## EXERCISE DIRECTIONS
Every entry is to be restated exactly; pictures are not part of the copy.

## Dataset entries
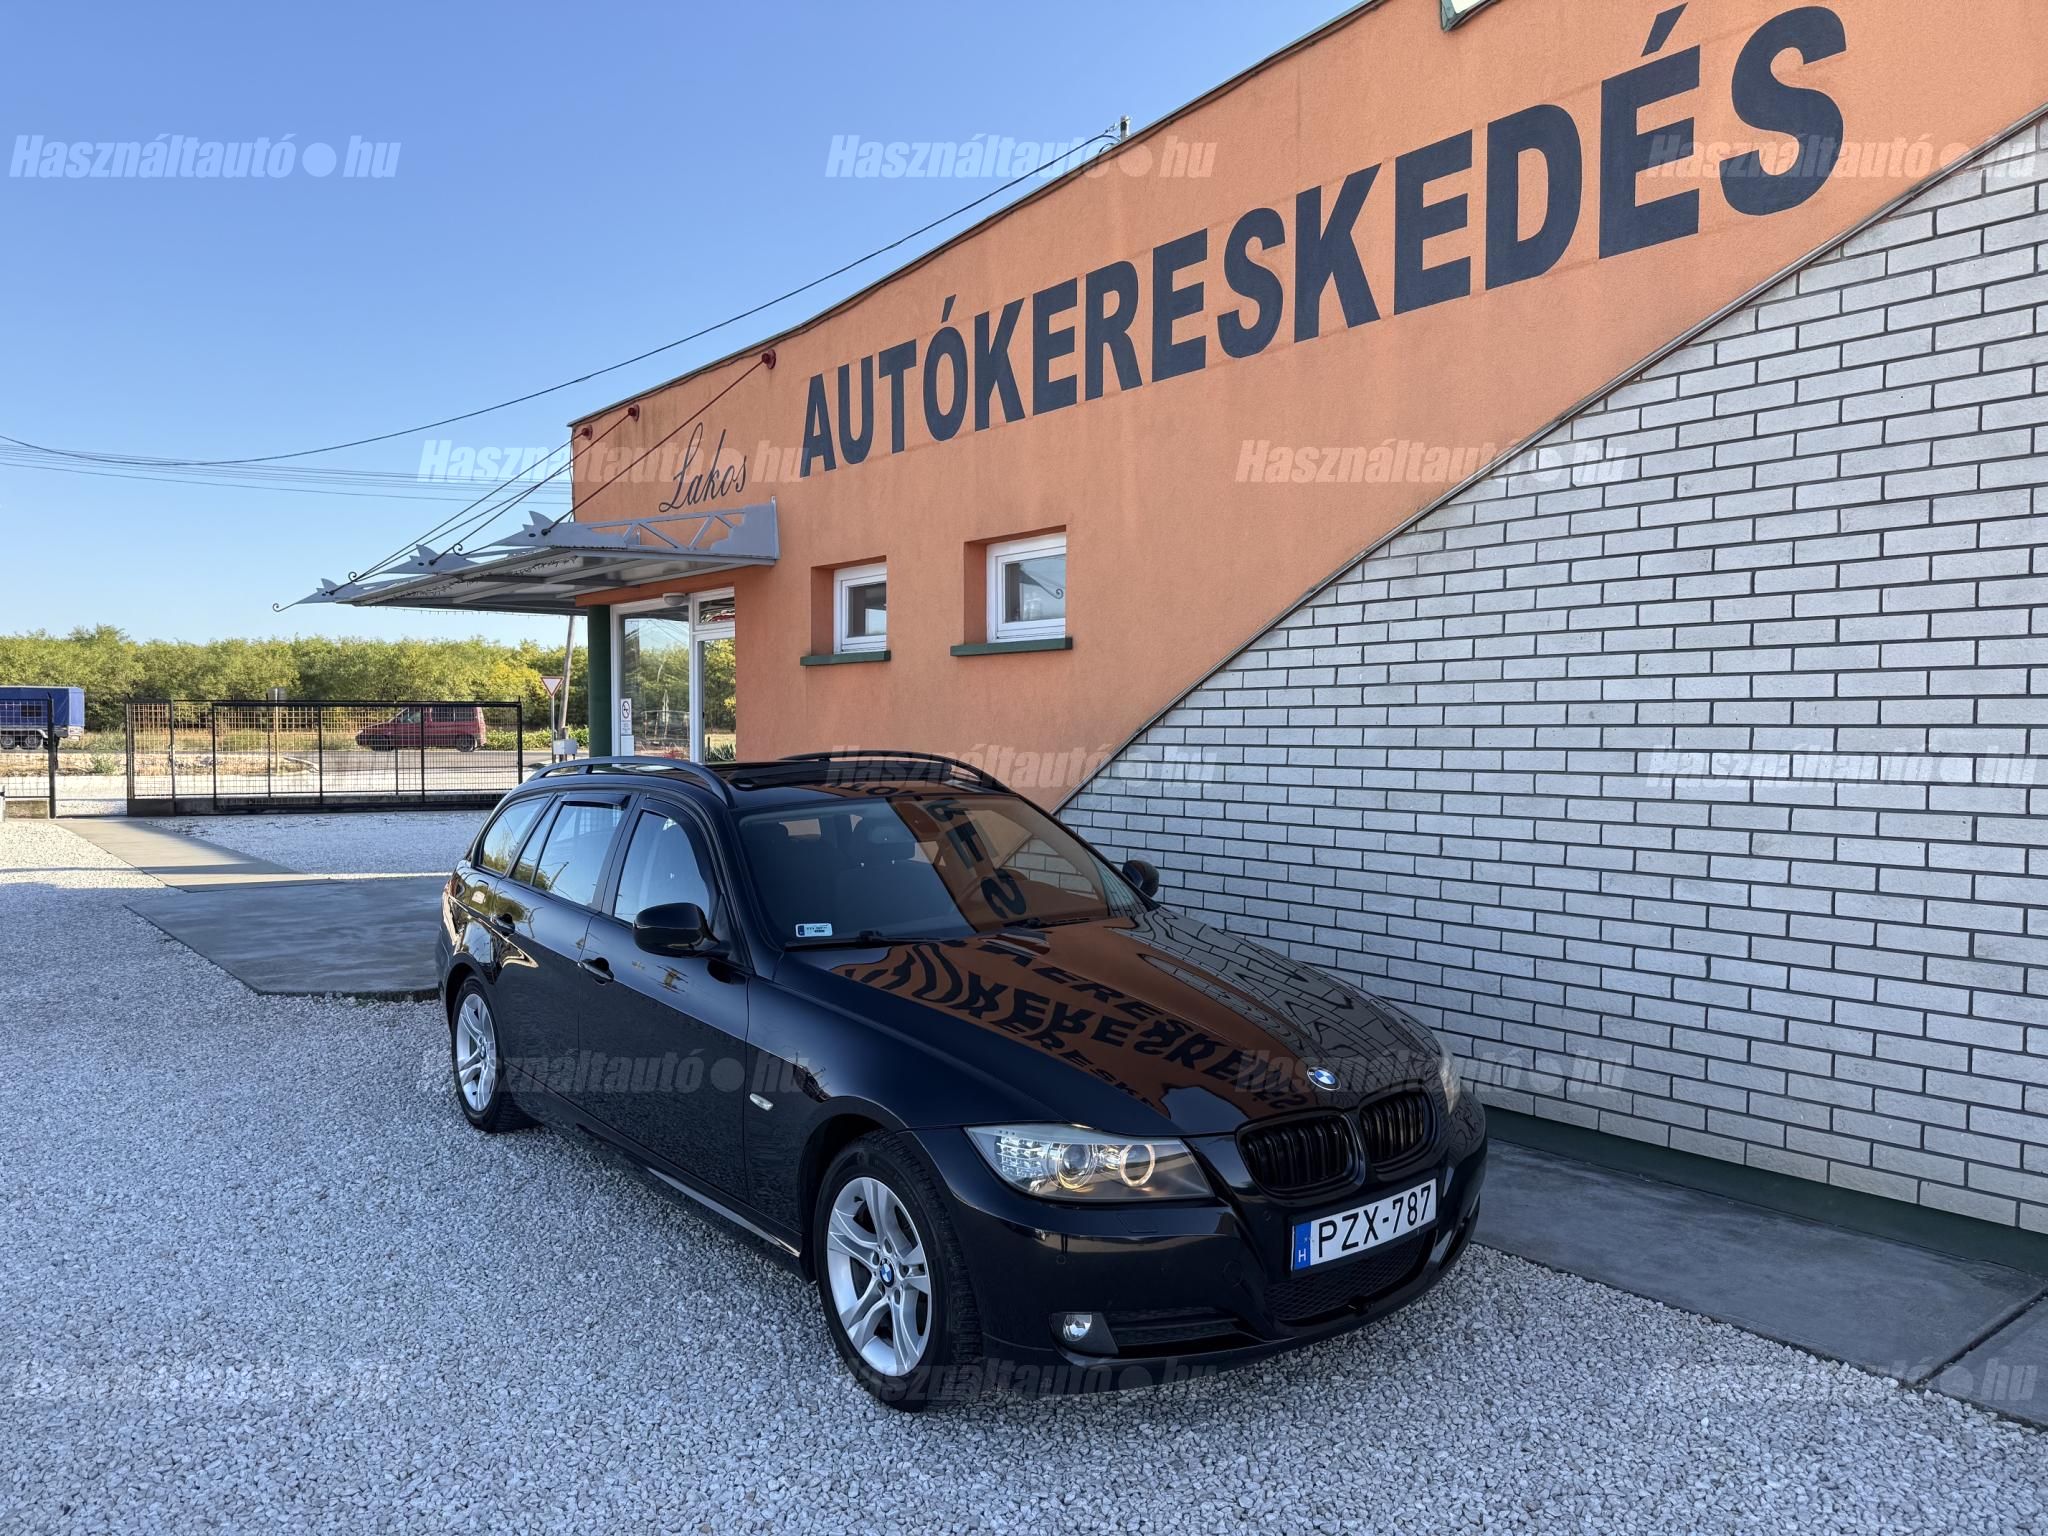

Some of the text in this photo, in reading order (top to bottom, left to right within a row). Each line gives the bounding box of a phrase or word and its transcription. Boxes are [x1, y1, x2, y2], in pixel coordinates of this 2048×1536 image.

[799, 3, 1845, 477] AUTÓKERESKEDÉS
[658, 422, 748, 513] Lakos
[1298, 1184, 1432, 1263] H PZX-787
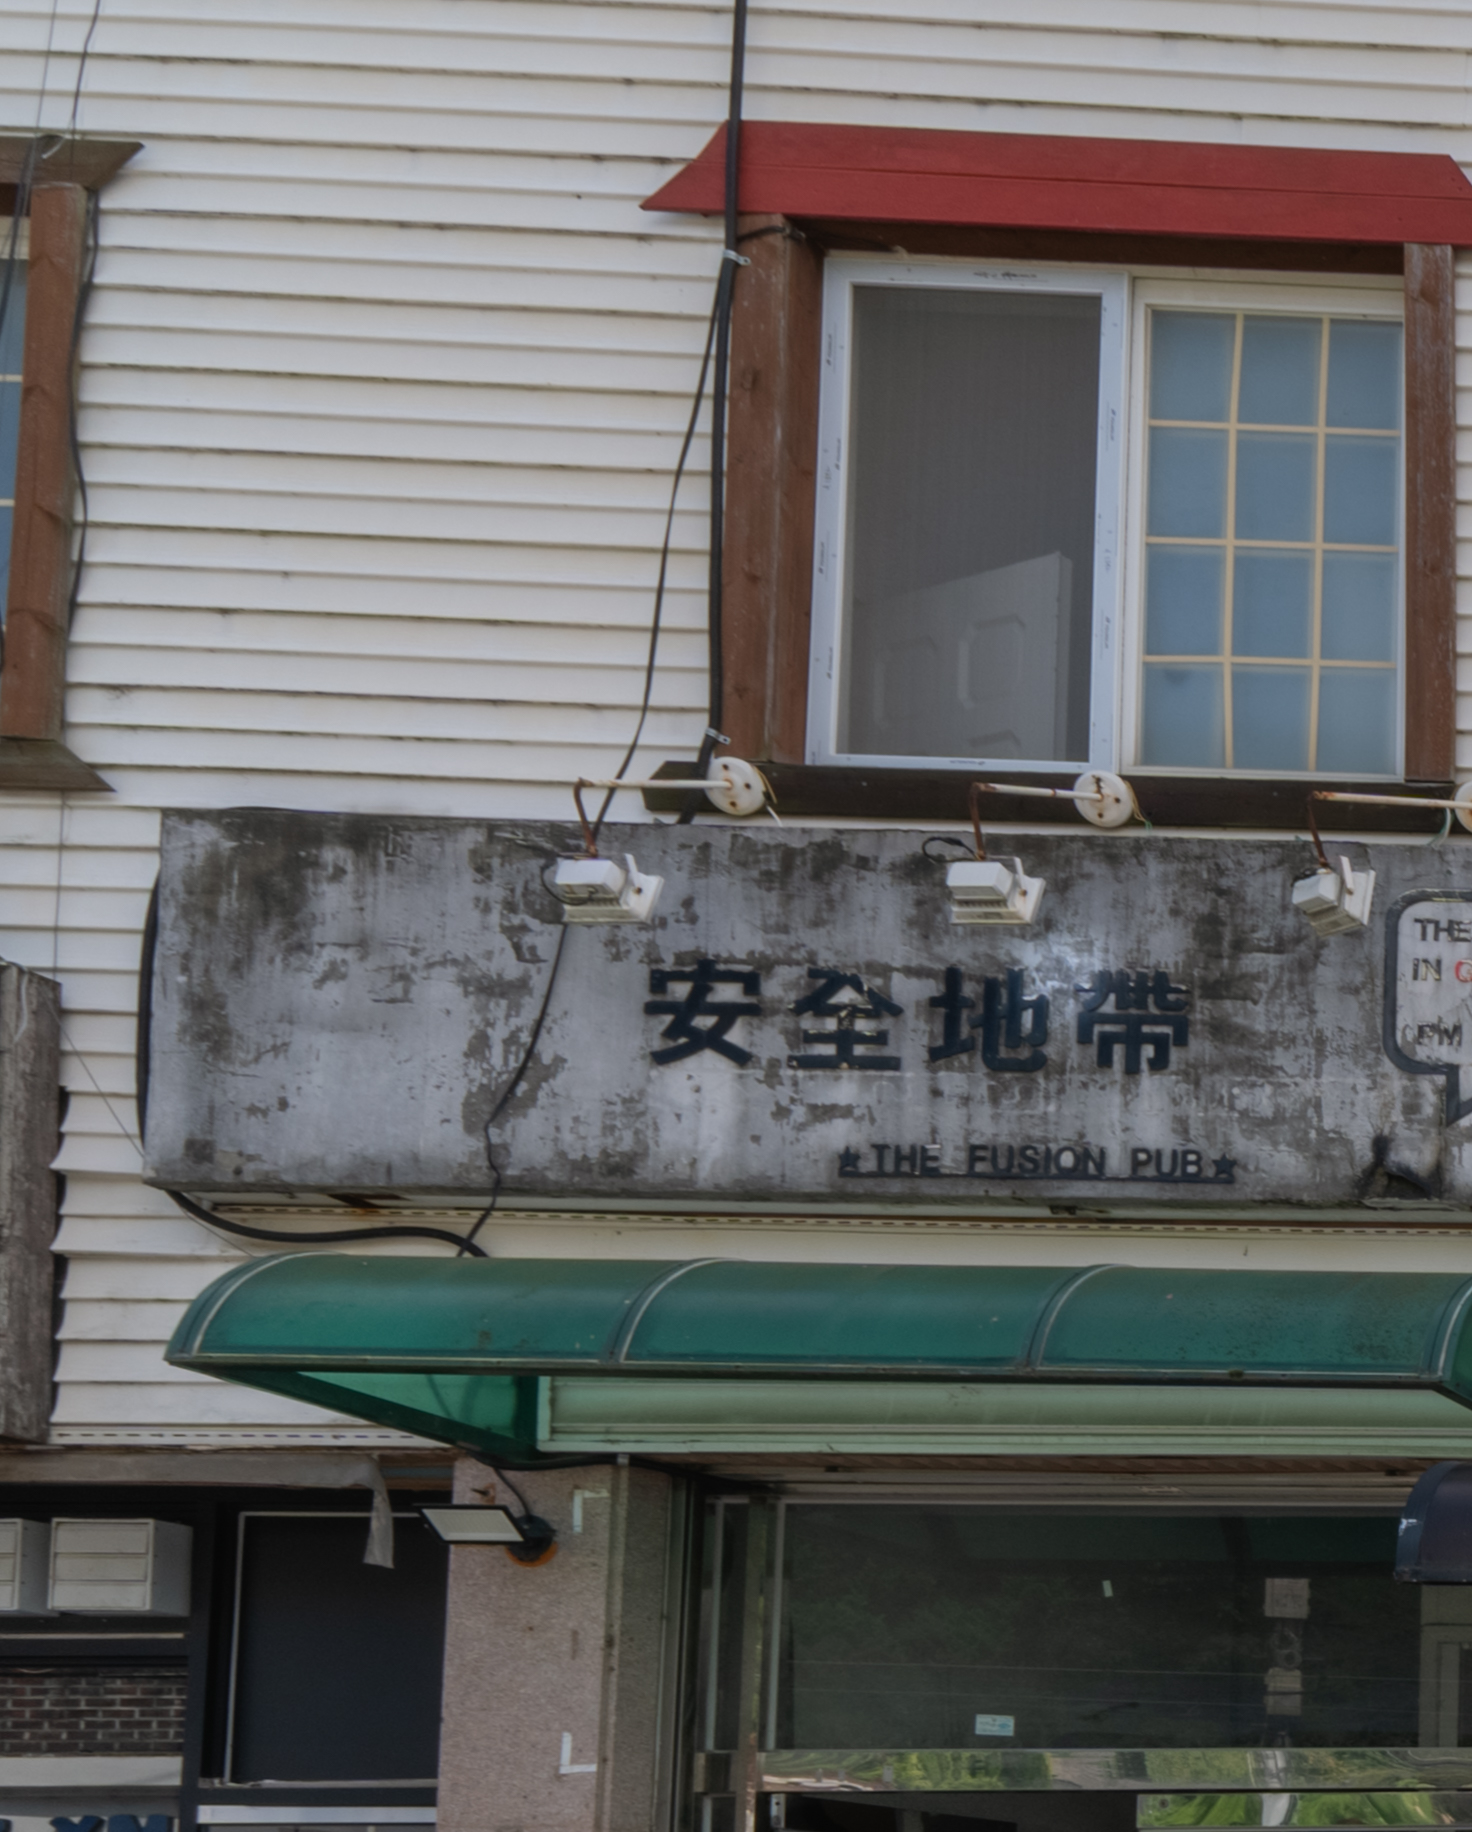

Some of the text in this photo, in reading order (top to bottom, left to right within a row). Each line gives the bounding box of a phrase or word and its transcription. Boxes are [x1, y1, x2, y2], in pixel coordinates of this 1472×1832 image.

## ANSWER SPACE
Some of the text in this photo, in reading order (top to bottom, left to right within a row). Each line gives the bounding box of a phrase or word and its transcription. Boxes are [x1, y1, x2, y2], in pixel coordinates of this 2048×1536 image.

[799, 3, 1845, 477] AUTÓKERESKEDÉS
[658, 422, 748, 513] Lakos
[1298, 1184, 1432, 1263] H PZX-787

Some of the text in this photo, in reading order (top to bottom, left to right within a row). Each line gives the bounding box of a phrase or word and its transcription. Boxes are [x1, y1, x2, y2], in pixel coordinates of this 1472×1832 image.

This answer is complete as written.